Bislang waren die meisten Rückstandshöchstgehalte von den EU-Mitgliedstaaten in eigener Verantwortung festgesetzt worden. Die unterschiedlichen Werte führten immer wieder dazu, dass Ware zwar im Erzeugerland den Vorschriften entsprach, in Nachbarländern aber die dort erlaubten Höchstgehalte überschreiten konnte.
Die neuen Werte können niedriger sein als die bisherigen nationalen Höchstgehalte. Sie können aber auch darüber liegen, meist dann, wenn zuvor keine nationale Höchstmenge bestanden hatte.

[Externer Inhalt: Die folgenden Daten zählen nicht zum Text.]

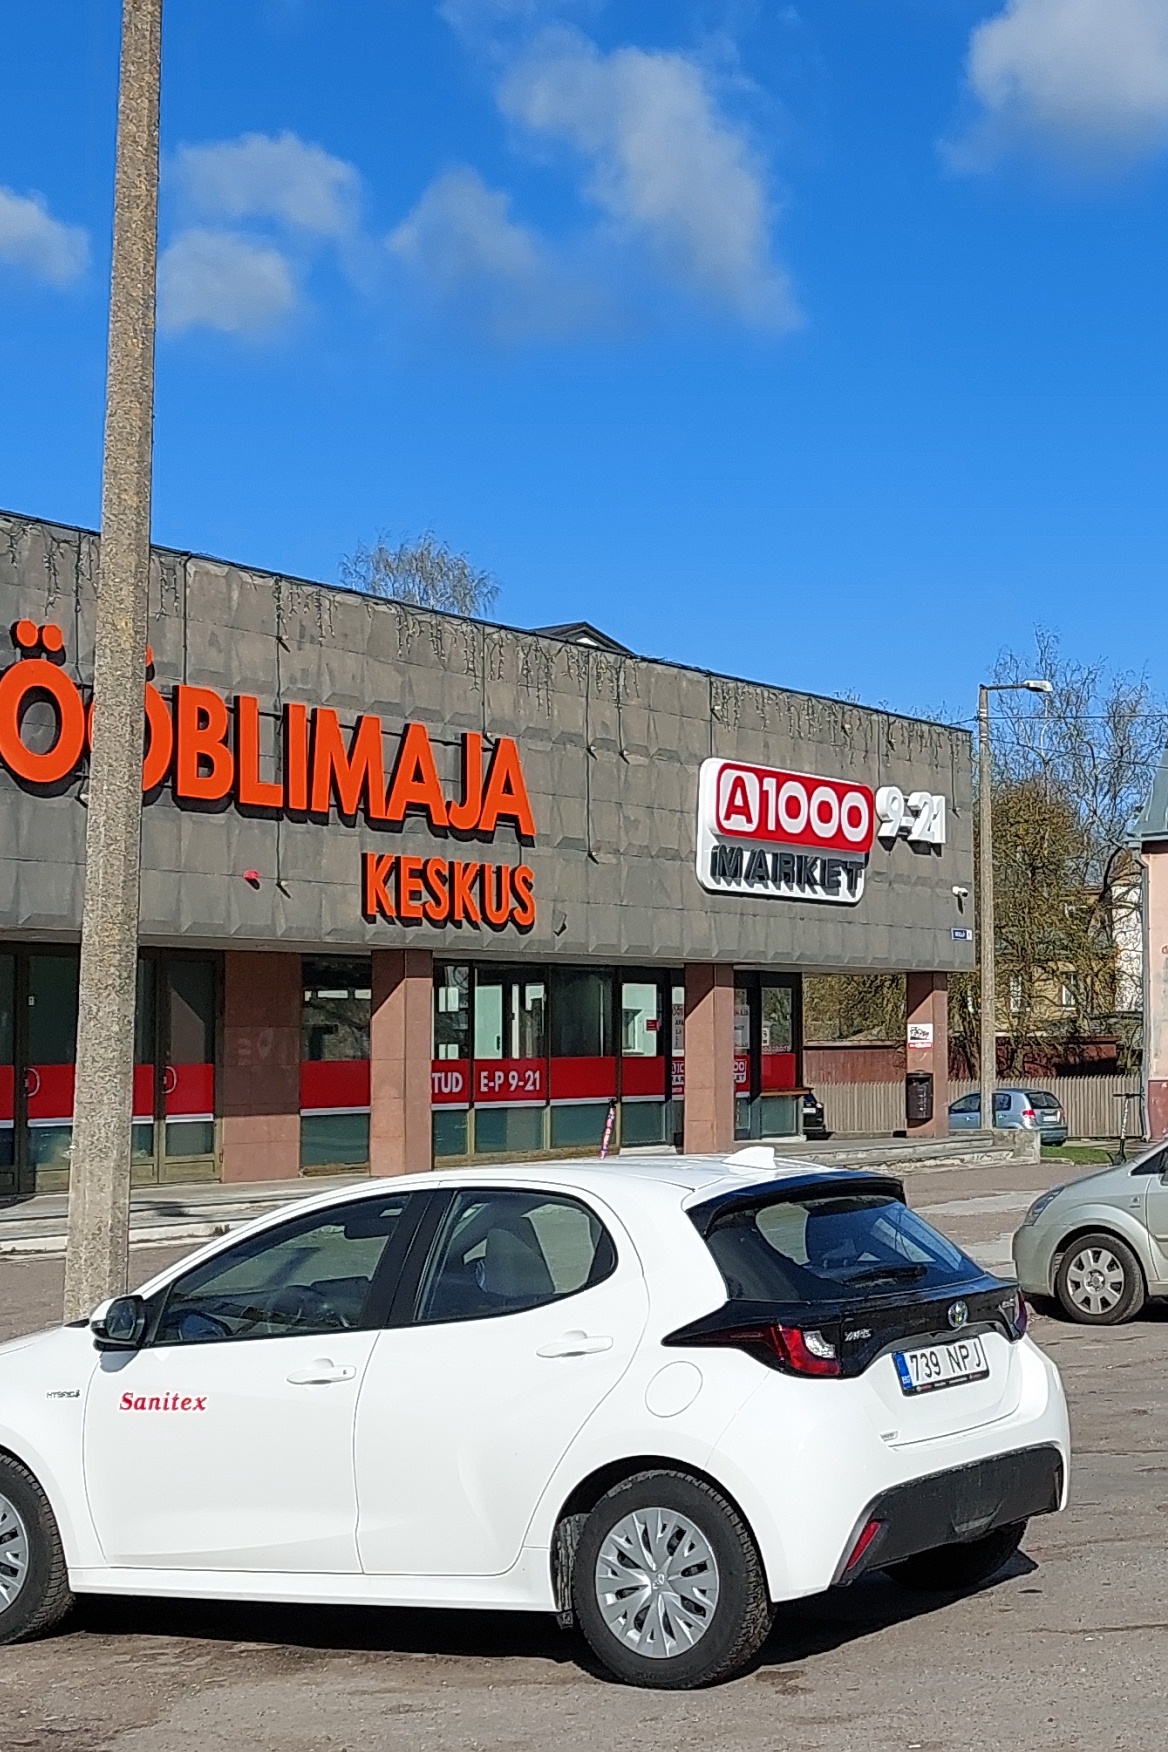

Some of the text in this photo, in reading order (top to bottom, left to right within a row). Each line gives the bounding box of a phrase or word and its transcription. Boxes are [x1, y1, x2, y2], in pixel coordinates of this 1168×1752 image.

[719, 769, 869, 843] A1000
[876, 786, 946, 844] 9-21
[364, 852, 536, 927] KESKUS
[711, 845, 864, 891] MARKET
[480, 1071, 504, 1092] E-P
[508, 1070, 540, 1092] 9-21
[910, 1351, 941, 1382] 739
[946, 1341, 982, 1374] NPJ
[119, 1392, 208, 1411] Sanitex
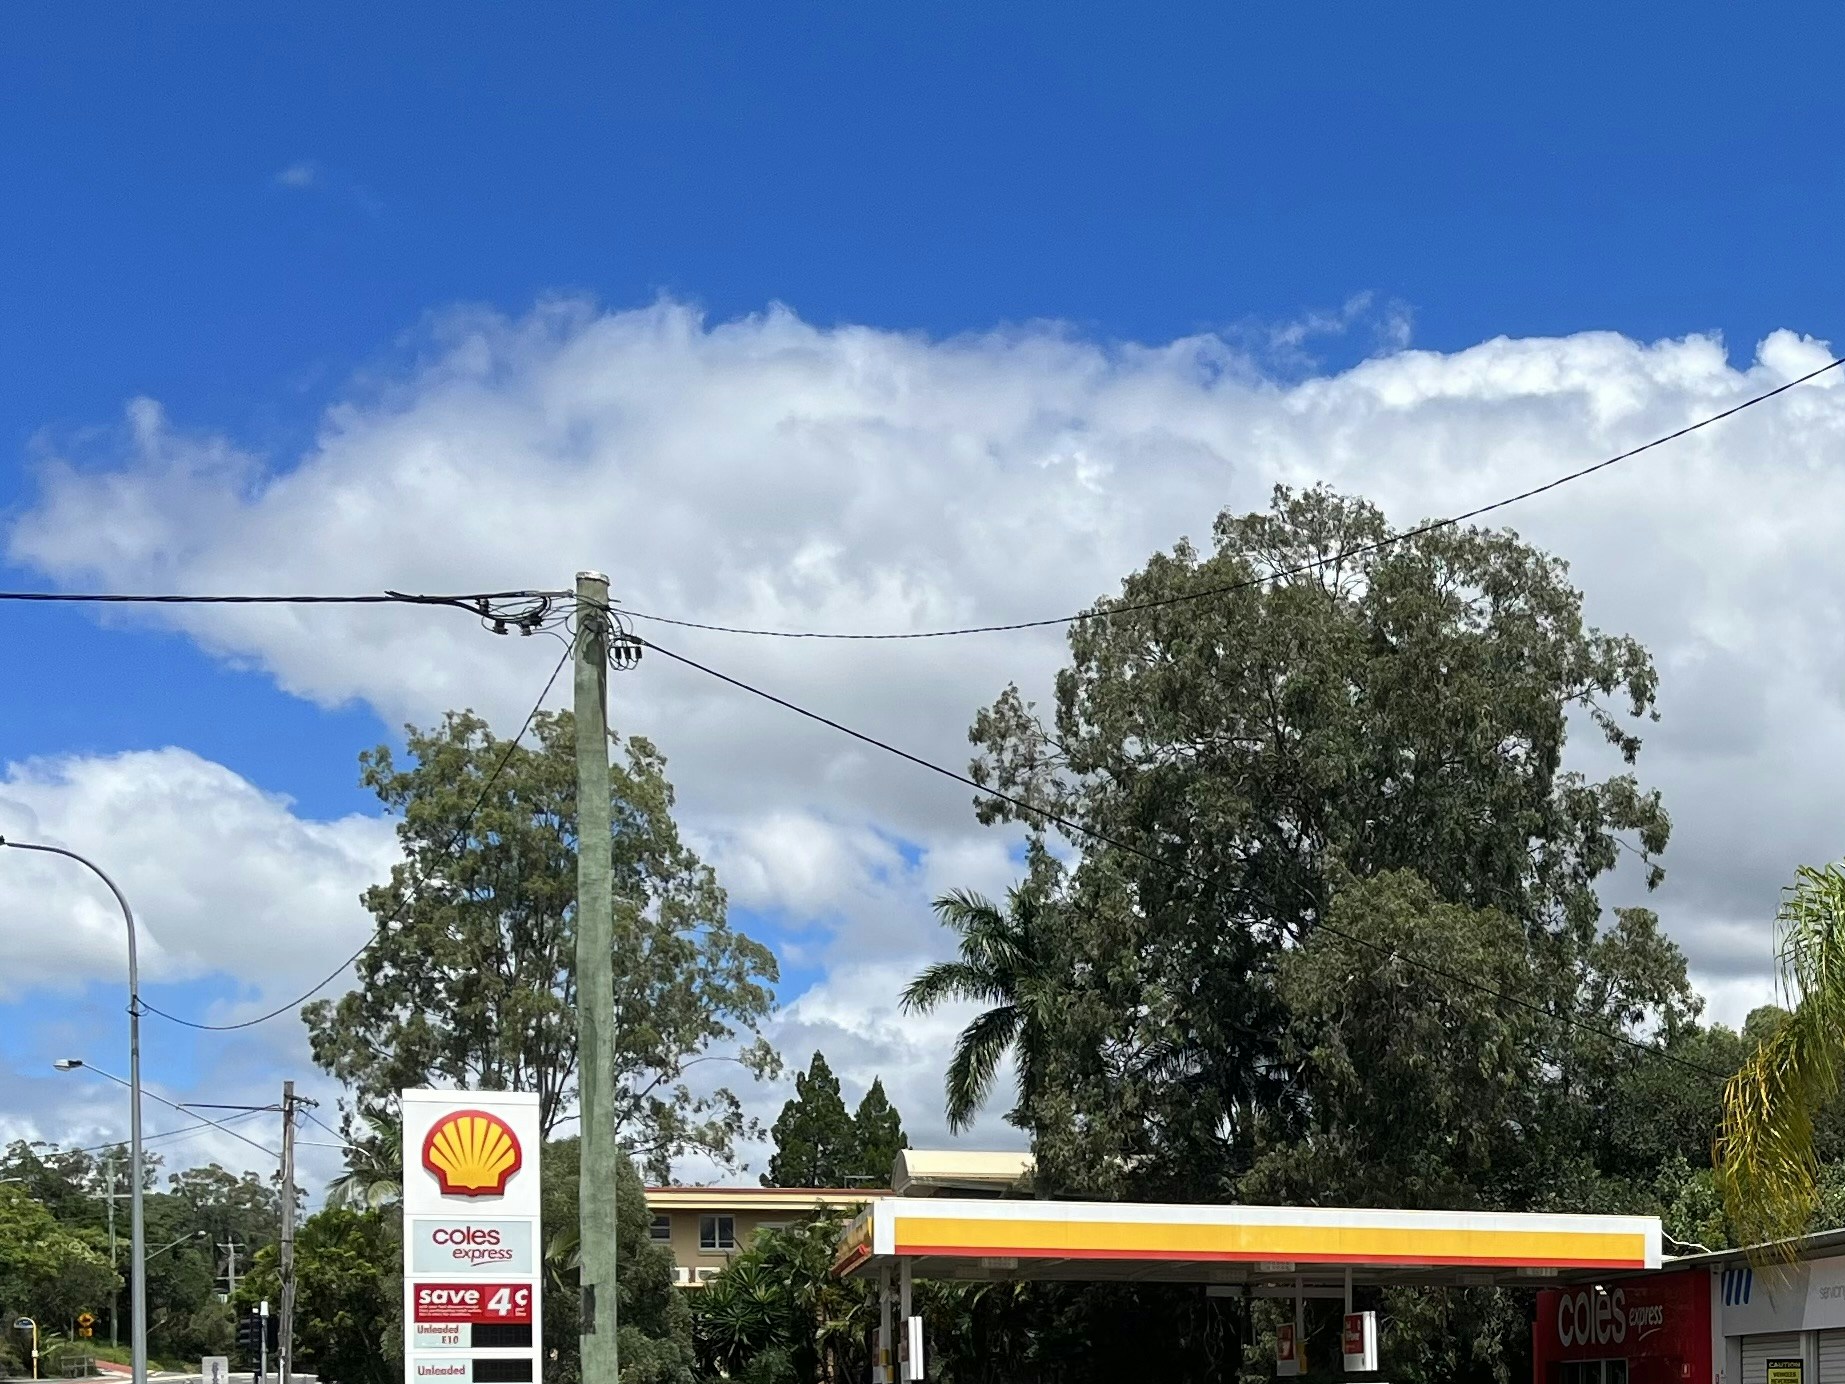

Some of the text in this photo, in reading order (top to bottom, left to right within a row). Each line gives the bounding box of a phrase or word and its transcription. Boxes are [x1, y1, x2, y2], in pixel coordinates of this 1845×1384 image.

[432, 1226, 501, 1245] coles
[452, 1247, 513, 1262] express
[418, 1289, 480, 1305] save
[1558, 1284, 1663, 1347] coles express
[417, 1324, 459, 1334] Unleaded
[441, 1336, 459, 1345] E10
[417, 1364, 466, 1376] Unleaded

Die Wissenschaftler haben bei der Festlegung der neuen Rückstandshöchstgehalte die sehr unterschiedlichen Verzehrsgewohnheiten in den EU Mitgliedsstaaten berücksichtigt. Und die besonderen Bedürfnisse von Kindern und anderen sensiblen Bevölkerungsgruppen spielten eine wichtige Rolle. Das strenge deutsche Bewertungsverfahren ist Bestandteil der Europäischen Höchstmengen-Festsetzung. Damit bleibt das hohe Schutzniveau für den deutschen Verbraucher erhalten. Die neuen Höchstgehalte ändern auch nichts an den bestehenden Anwendungsvorschriften für Pflanzenschutzmittel.